Given information START

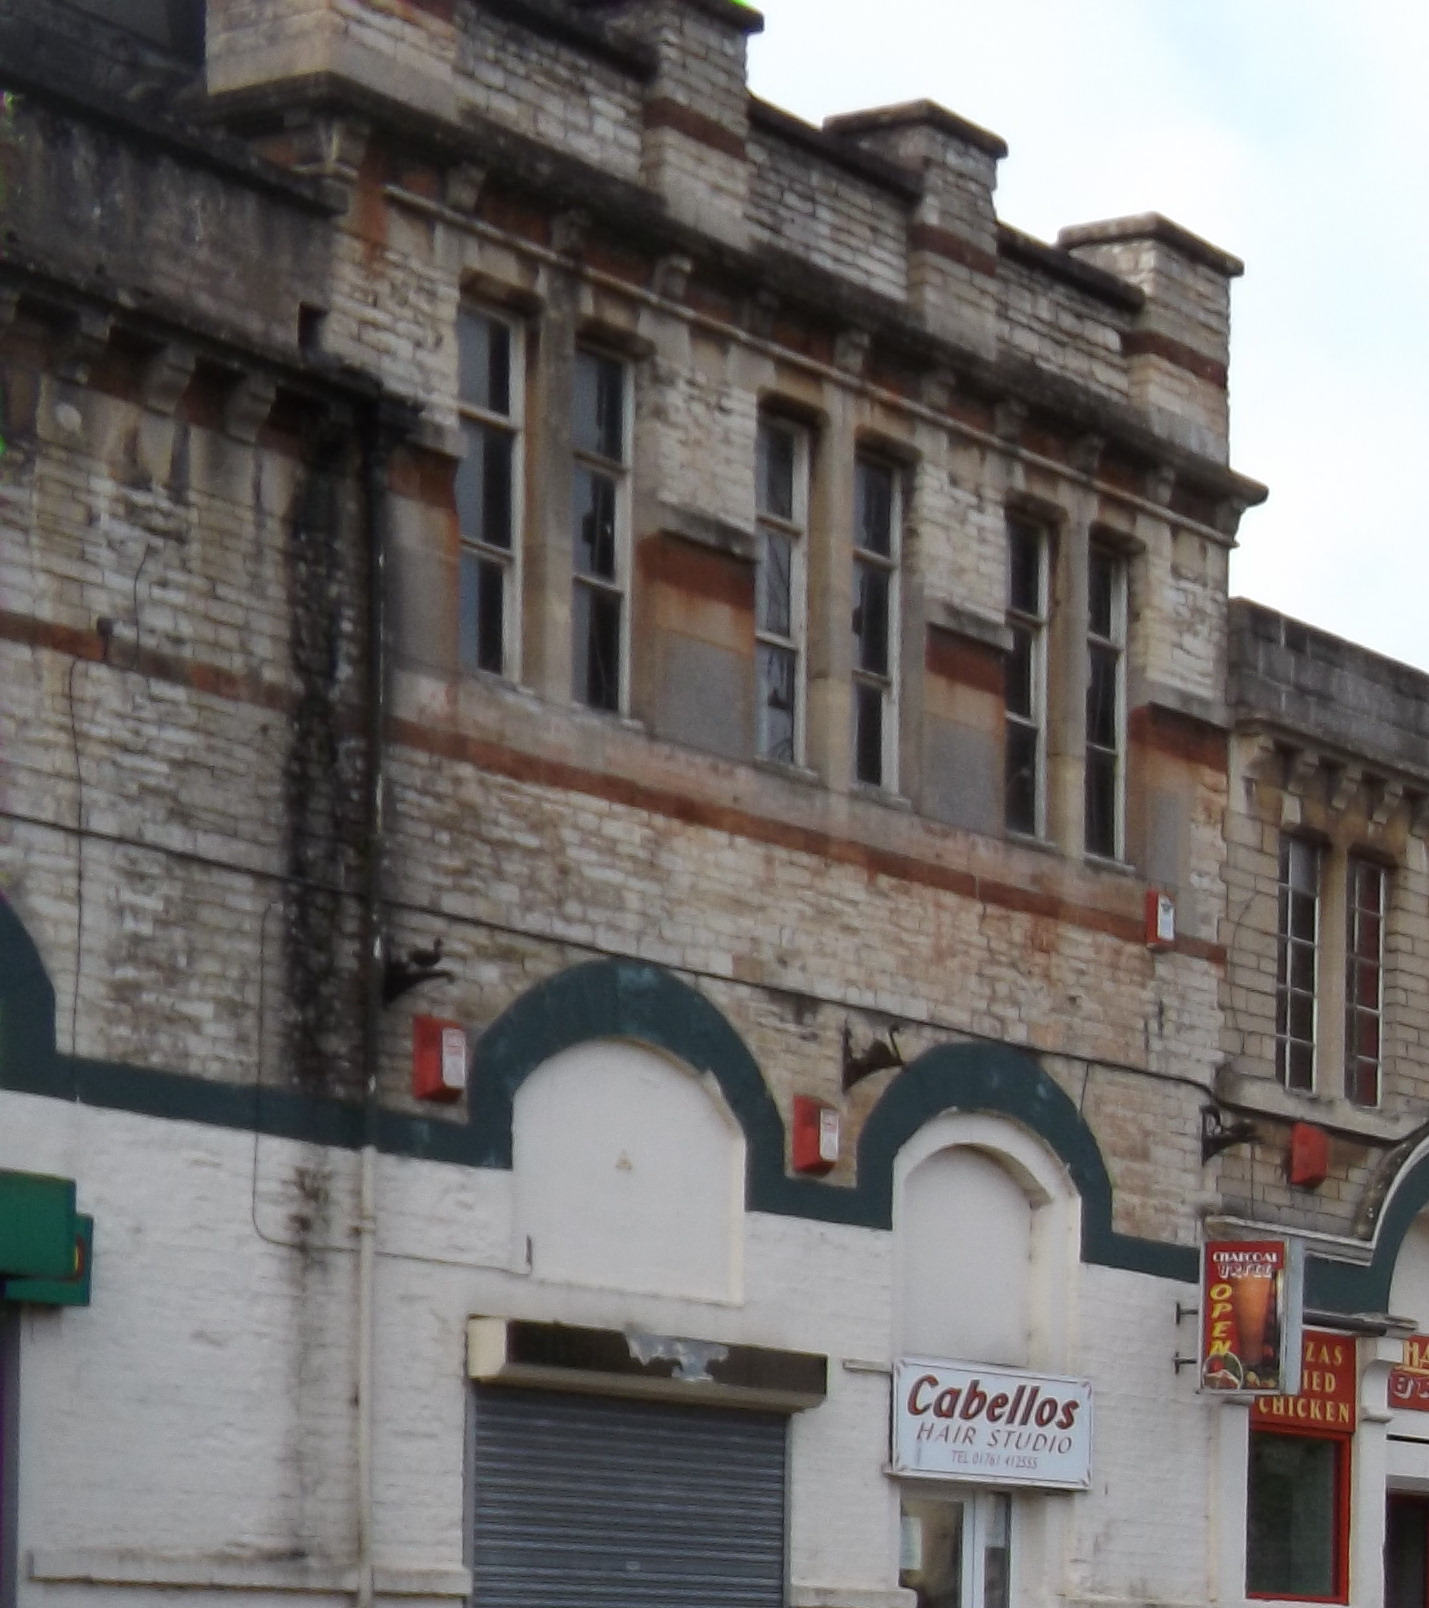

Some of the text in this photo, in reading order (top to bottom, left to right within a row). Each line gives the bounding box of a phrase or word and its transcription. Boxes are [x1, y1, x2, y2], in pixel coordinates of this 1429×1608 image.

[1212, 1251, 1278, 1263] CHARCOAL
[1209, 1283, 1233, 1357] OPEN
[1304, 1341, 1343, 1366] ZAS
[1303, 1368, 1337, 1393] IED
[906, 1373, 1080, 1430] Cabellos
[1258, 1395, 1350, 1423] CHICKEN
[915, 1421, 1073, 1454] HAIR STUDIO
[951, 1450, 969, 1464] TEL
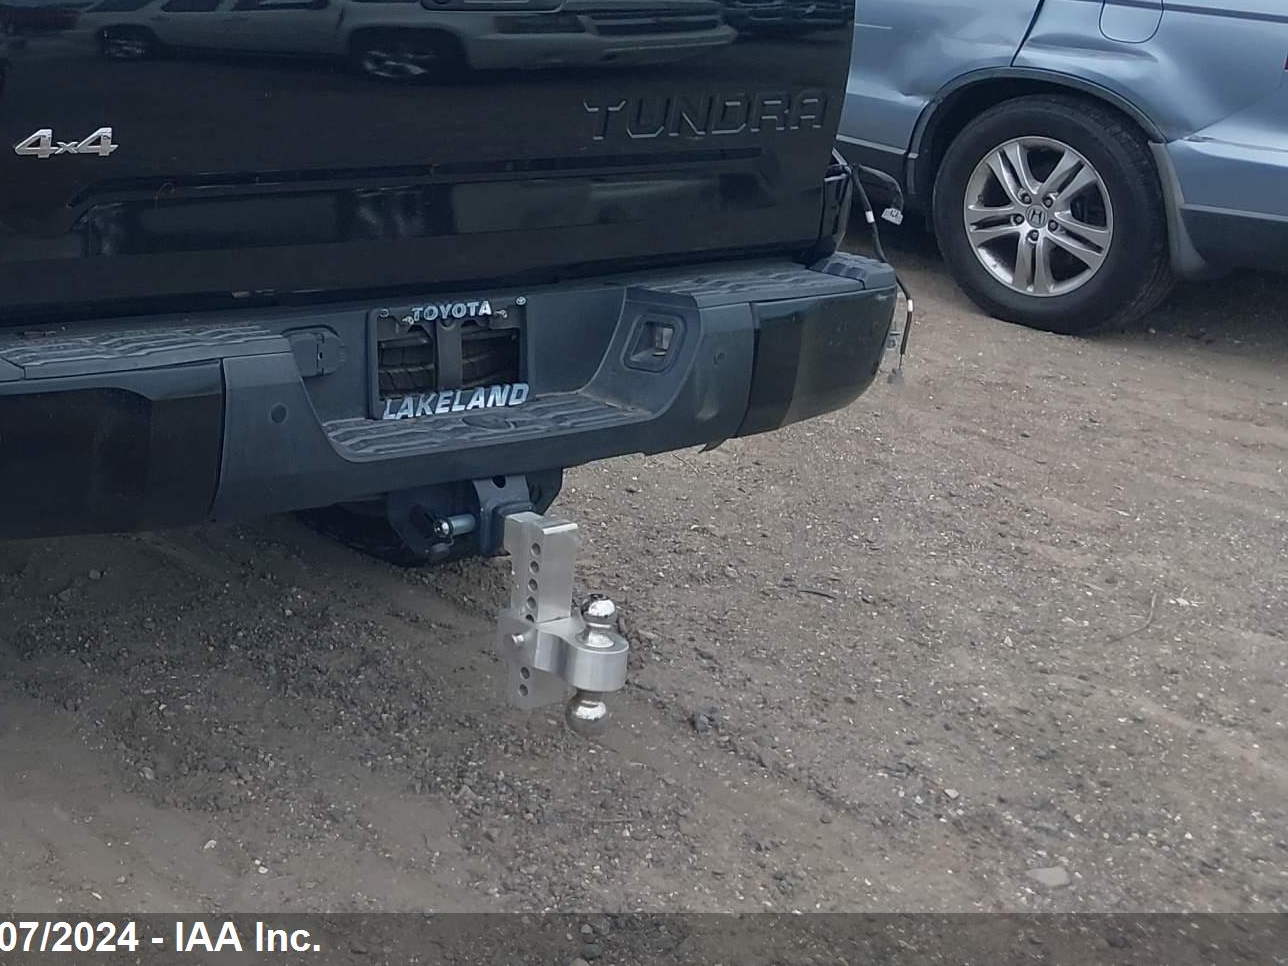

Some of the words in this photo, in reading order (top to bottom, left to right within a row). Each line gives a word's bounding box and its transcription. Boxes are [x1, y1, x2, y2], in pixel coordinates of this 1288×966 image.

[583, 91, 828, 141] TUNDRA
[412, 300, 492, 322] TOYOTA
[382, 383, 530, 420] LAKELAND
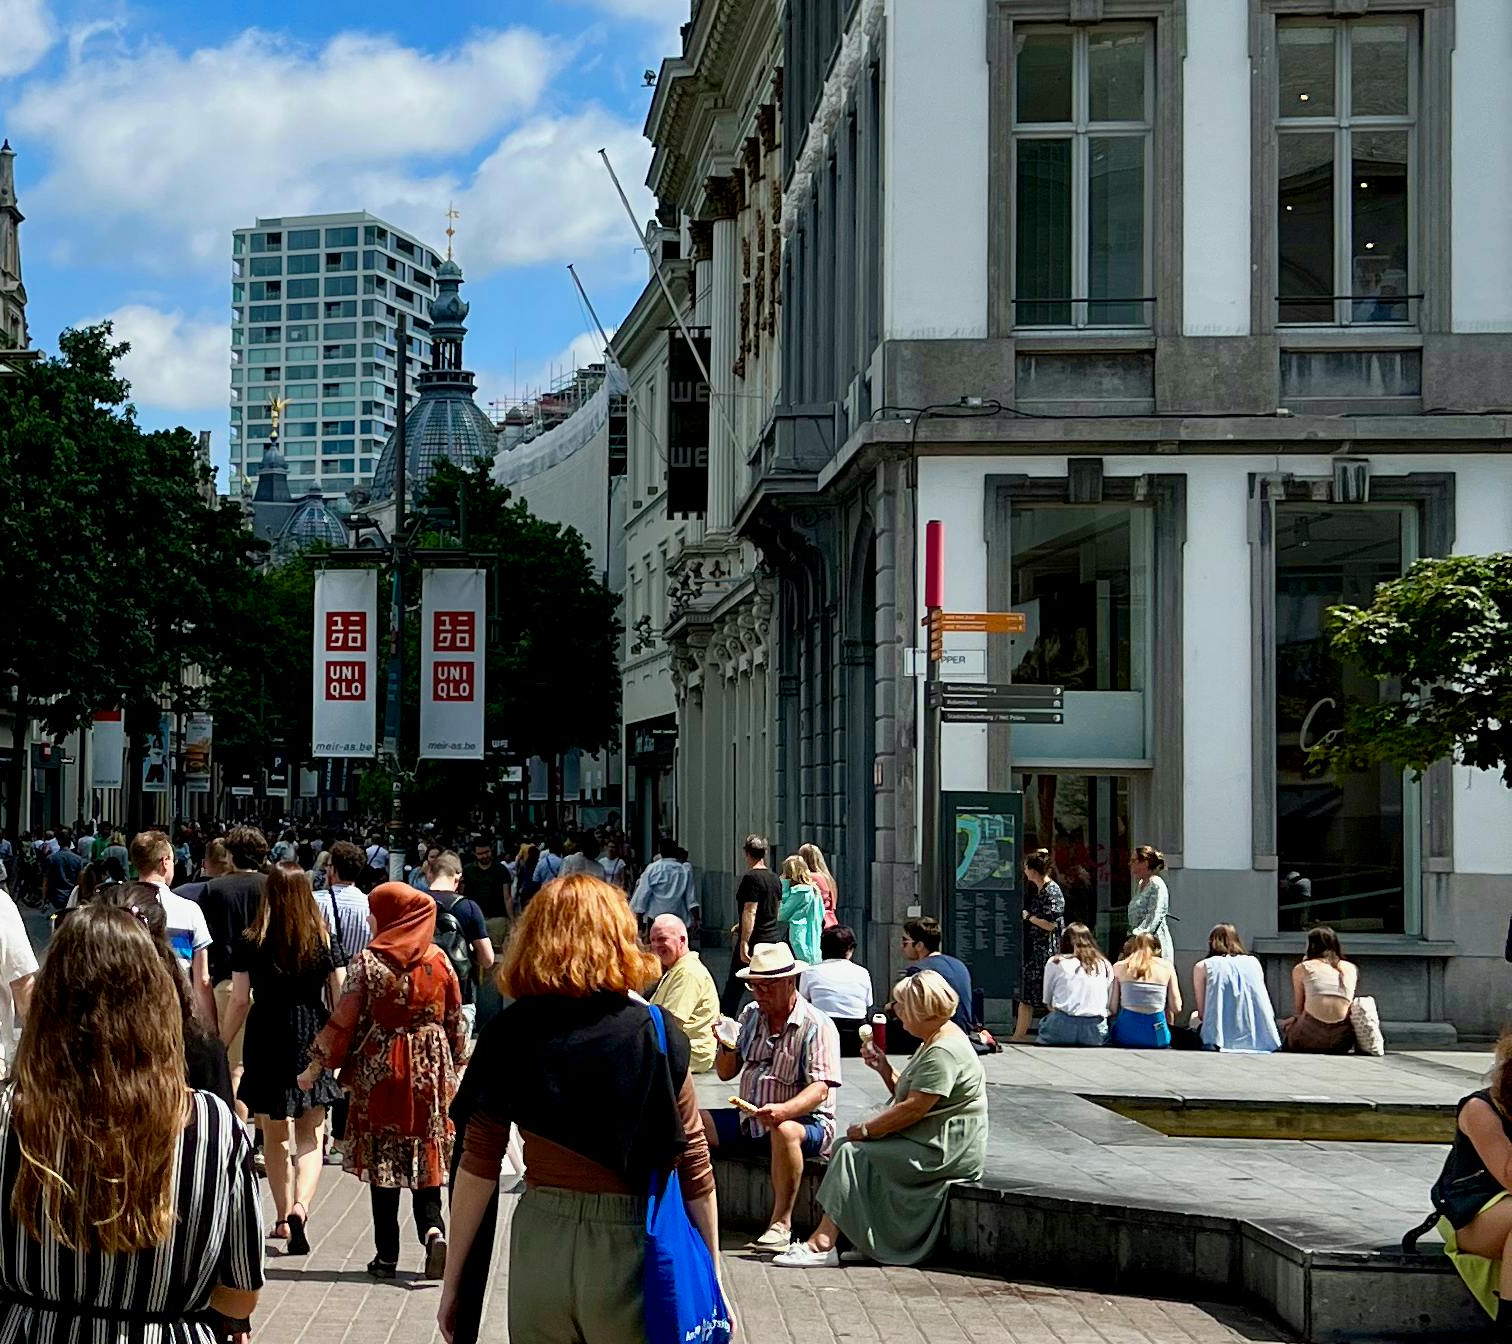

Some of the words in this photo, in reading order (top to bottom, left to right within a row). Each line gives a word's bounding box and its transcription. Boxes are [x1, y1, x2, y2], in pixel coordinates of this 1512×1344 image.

Given information END

**Requirement:** Leave out the pictures and copy everything else in the records word for word.

**Solution for this exercise:**
Some of the text in this photo, in reading order (top to bottom, left to right within a row). Each line gives the bounding box of a phrase or word and its transcription. Boxes are [x1, y1, x2, y2], in pixel coordinates of this 1429×1608 image.

[1212, 1251, 1278, 1263] CHARCOAL
[1209, 1283, 1233, 1357] OPEN
[1304, 1341, 1343, 1366] ZAS
[1303, 1368, 1337, 1393] IED
[906, 1373, 1080, 1430] Cabellos
[1258, 1395, 1350, 1423] CHICKEN
[915, 1421, 1073, 1454] HAIR STUDIO
[951, 1450, 969, 1464] TEL

Some of the words in this photo, in reading order (top to bottom, left to right within a row). Each line gives a word's bounding box and its transcription. Boxes are [x1, y1, x2, y2], in pixel coordinates of this 1288×966 image.

[583, 91, 828, 141] TUNDRA
[412, 300, 492, 322] TOYOTA
[382, 383, 530, 420] LAKELAND

Some of the words in this photo, in reading order (top to bottom, left to right within a row). Each line gives a word's bounding box and its transcription. Boxes are [x1, y1, x2, y2], in pixel coordinates of this 1512×1344 image.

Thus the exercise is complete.